All das verwundert angesichts der Vielfalt, die die Freien Radios als
Massenmedium und als Ort öffentlicher Debatte und des Experiments täglich
ermöglichen.
Aber es gibt auch ein anderes Bild. Da wurden allein im Dezember vergangenen
Jahres an Freie Radios Auszeichnungen und Preise für soziales Engagement und
publizistische Leistungen an Radio CORAX, für Integration an Radio Z in
Nürnberg oder Demokratieförderung an Radio Blau in Leipzig vergeben. Oder im
Mediengesetz wird ihnen eine Grundfinanzierung aus Rundfunkgebühren
zugesichert, einige haben eine 24 Stunden Frequenz oder gute technische
Bedingungen. So vielfältig die Programme Freier Radios sind, so unterschiedlich
sind auch ihre Bedingungen, unter denen sie je nach Sendestandort existieren.

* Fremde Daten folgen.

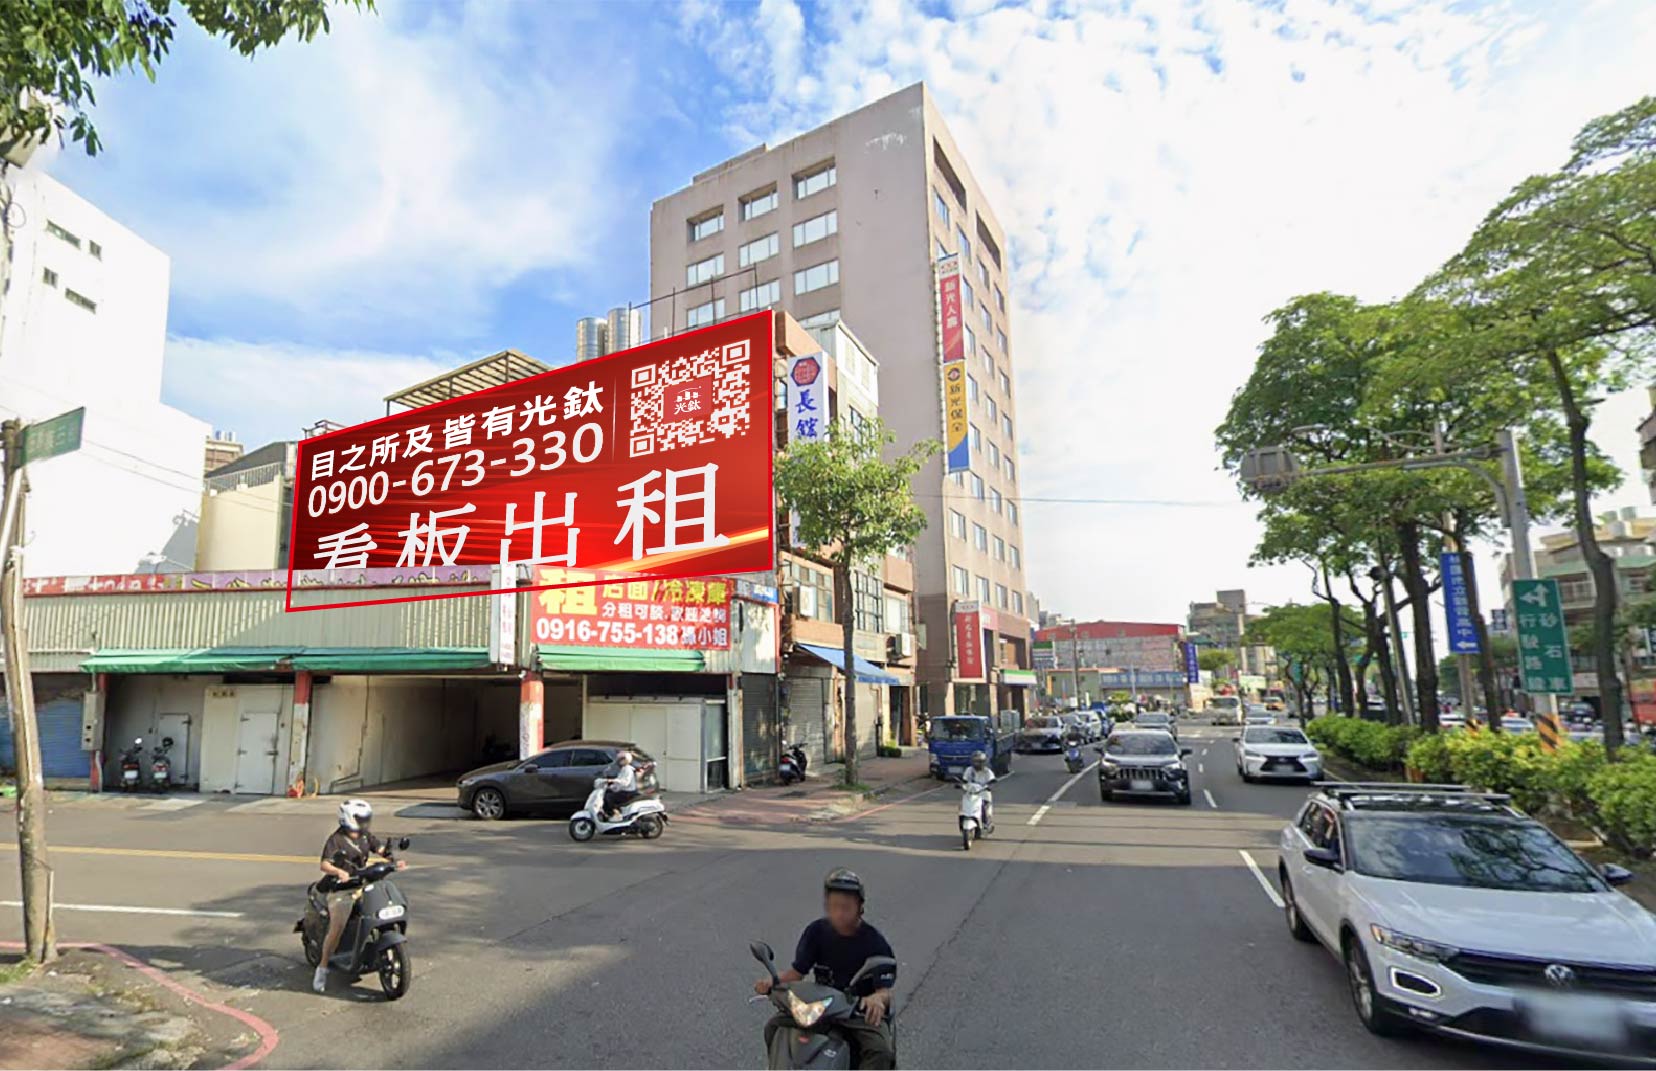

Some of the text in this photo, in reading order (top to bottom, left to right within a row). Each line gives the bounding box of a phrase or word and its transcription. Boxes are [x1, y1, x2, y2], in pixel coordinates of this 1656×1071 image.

[308, 423, 604, 518] 0900-673-330
[313, 462, 730, 570] 看板出租
[538, 568, 597, 616] 租
[536, 617, 679, 645] 0916-755-138
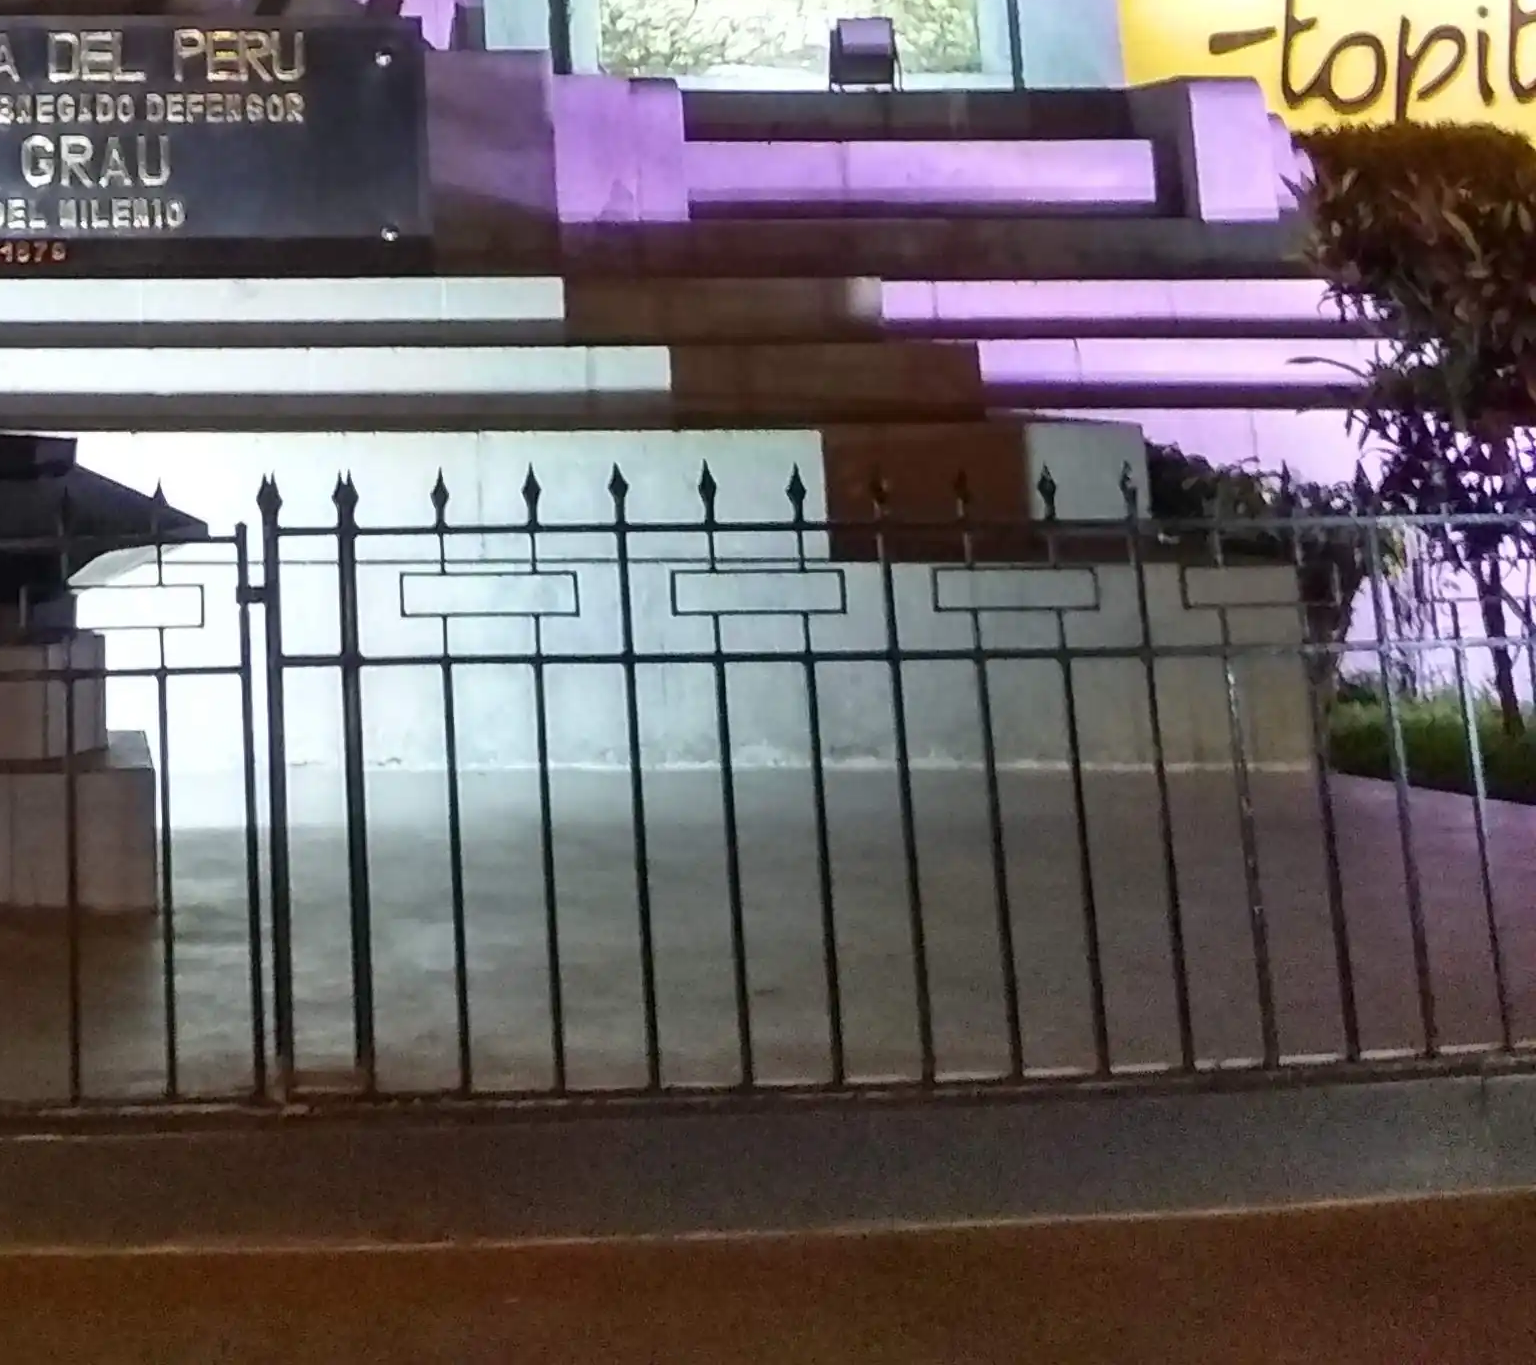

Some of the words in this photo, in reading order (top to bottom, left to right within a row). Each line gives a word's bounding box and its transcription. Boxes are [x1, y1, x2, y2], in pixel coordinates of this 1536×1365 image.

[47, 29, 147, 82] DEL
[173, 28, 306, 82] PERU
[145, 93, 305, 124] DEFENSOR
[20, 134, 171, 188] GRAU
[58, 198, 186, 229] MILENIO
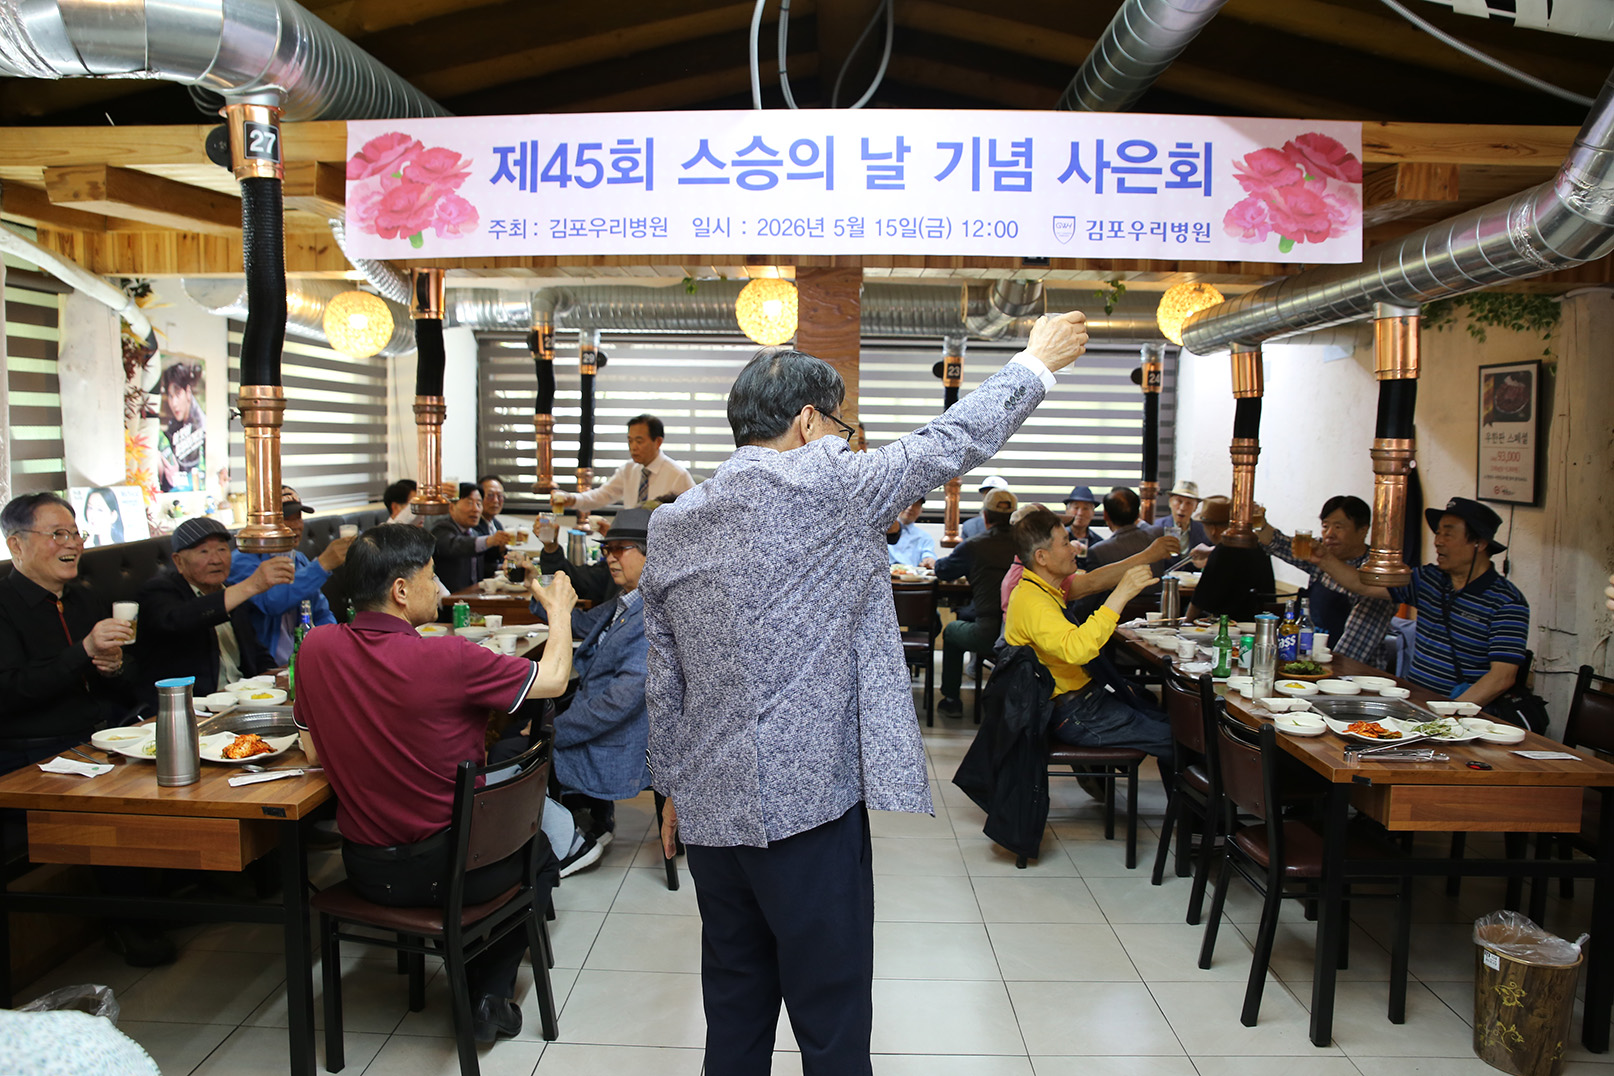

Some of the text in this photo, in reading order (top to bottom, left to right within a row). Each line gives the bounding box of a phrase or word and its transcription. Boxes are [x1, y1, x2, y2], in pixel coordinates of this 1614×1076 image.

[249, 129, 277, 155] 27
[490, 135, 1213, 197] 제45회 스승의 날 기념 사은회
[549, 216, 668, 239] 김포우리병원
[692, 216, 731, 238] 일시
[757, 217, 825, 238] 2026년
[833, 216, 865, 239] 5월
[875, 216, 952, 240] 15일(금)
[962, 219, 1019, 239] 12:00
[1086, 219, 1212, 244] 김포우리병원
[948, 365, 960, 377] 23
[1149, 372, 1161, 384] 24
[1278, 634, 1297, 649] ass
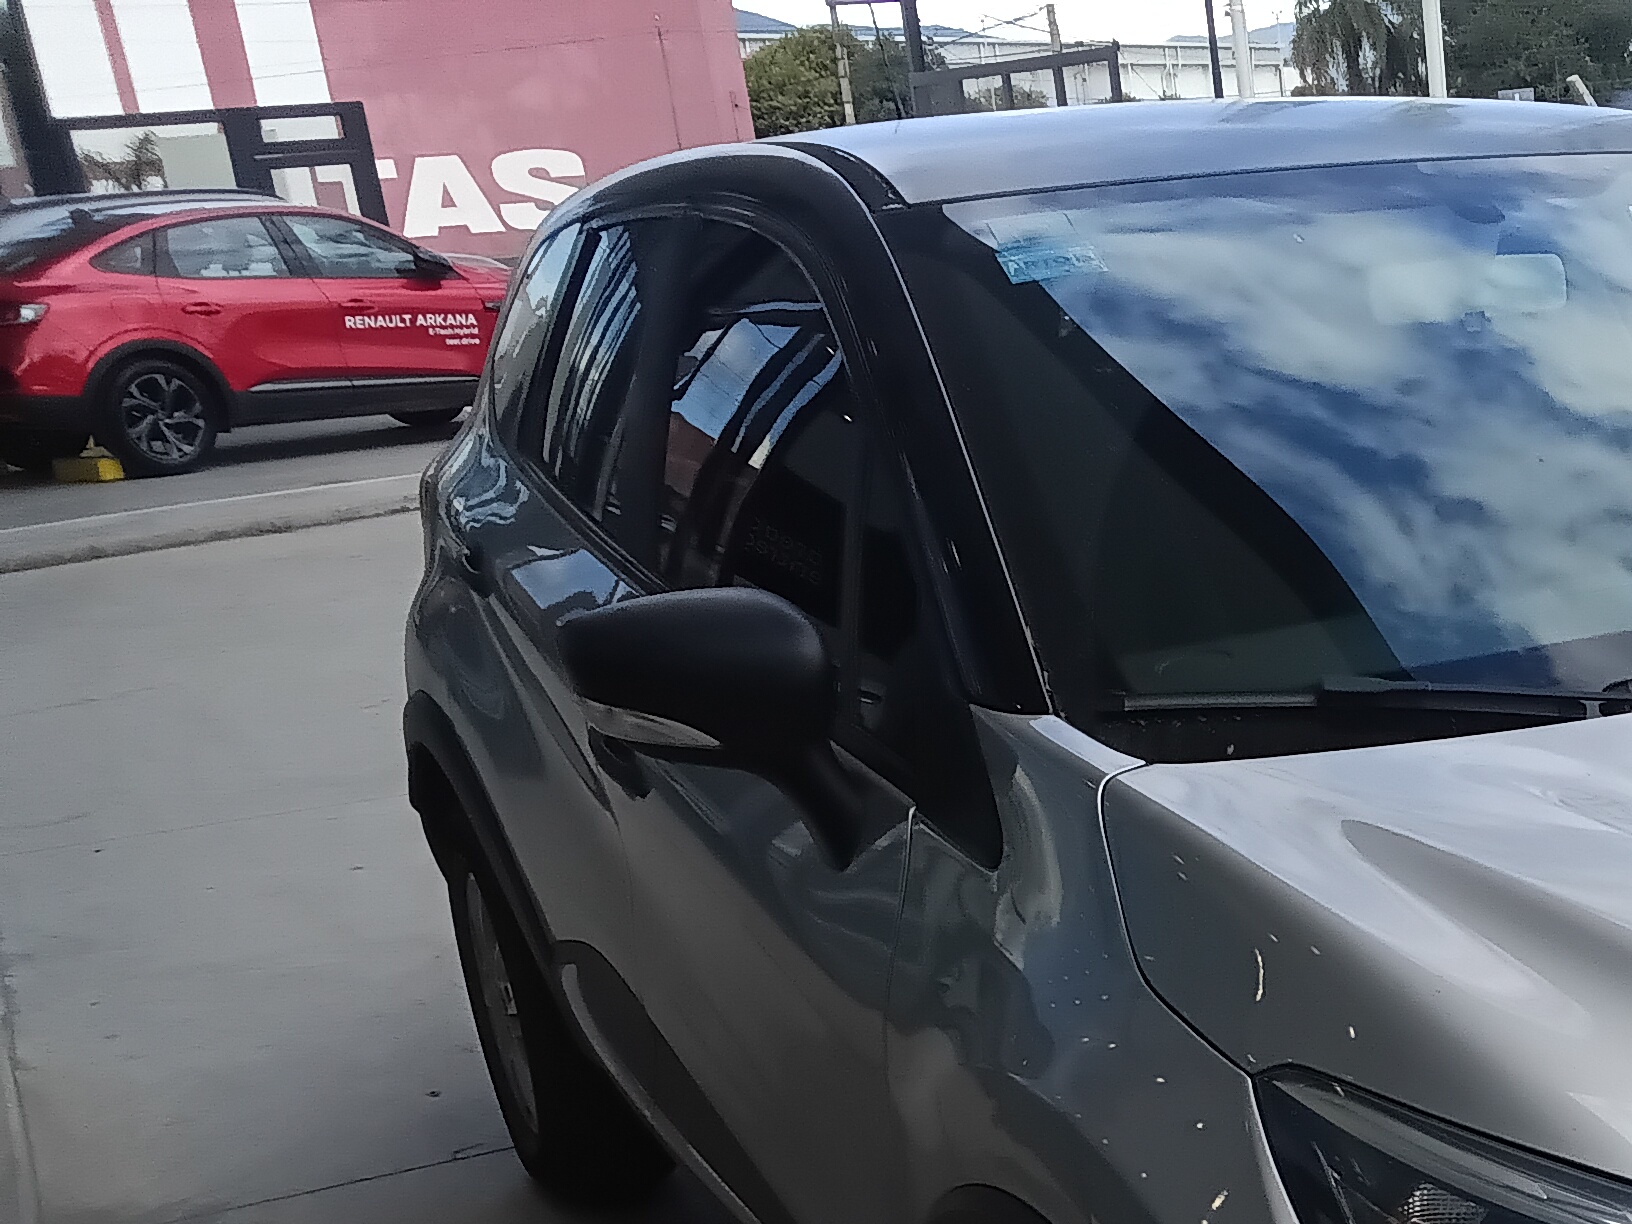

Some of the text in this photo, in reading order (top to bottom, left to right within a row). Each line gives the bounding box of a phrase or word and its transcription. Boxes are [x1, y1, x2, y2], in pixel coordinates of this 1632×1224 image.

[280, 148, 586, 238] TAS
[344, 313, 478, 329] RENAULT ARKANA

Seit Jahren stagniert die Förderung, während andere Länder den Zugang für
nichtkommerziellen Rundfunk immer mehr liberalisieren.
Trotz der widrigen Umstände ist die Solidarität für die Radios und auch
die überregionale Vernetzung zwischen den Sendern beeindruckend. Zahlreiche
innovative und ambitionierte Projekte sind in Freien Radios entstanden, die dem
zum Nebenbei- Medium verflachten und von Quotendenken und Warenförmigkeit
bestimmten Radio etwas entgegensetzen.
Unterstützt werden sie dabei von hunderten, mitunter tausenden
SympathisantInnen. Über 1.000 Vereinsmitglieder zählen beispielsweise die
Freien Radios in Freiburg oder Nürnberg. Sie sichern damit einen großen Teil
der finanziellen und politischen Unabhängigkeit ihres Senders.
Sie ermöglichen Partizipation an einem bewusst nicht auf Professionalität
ausgerichteten Medium, das auch als sozialer Ort funktioniert. Leidenschaftlich
und kompetent gemachte Musiksendungen einer Vielzahl von Genre abseits des
Mainstream wechseln sich so mit Sendungen ab, die regelmäßig von Stadtteil-,
Künstler- oder Kulturinitiaven und politischen Gruppen produziert werden.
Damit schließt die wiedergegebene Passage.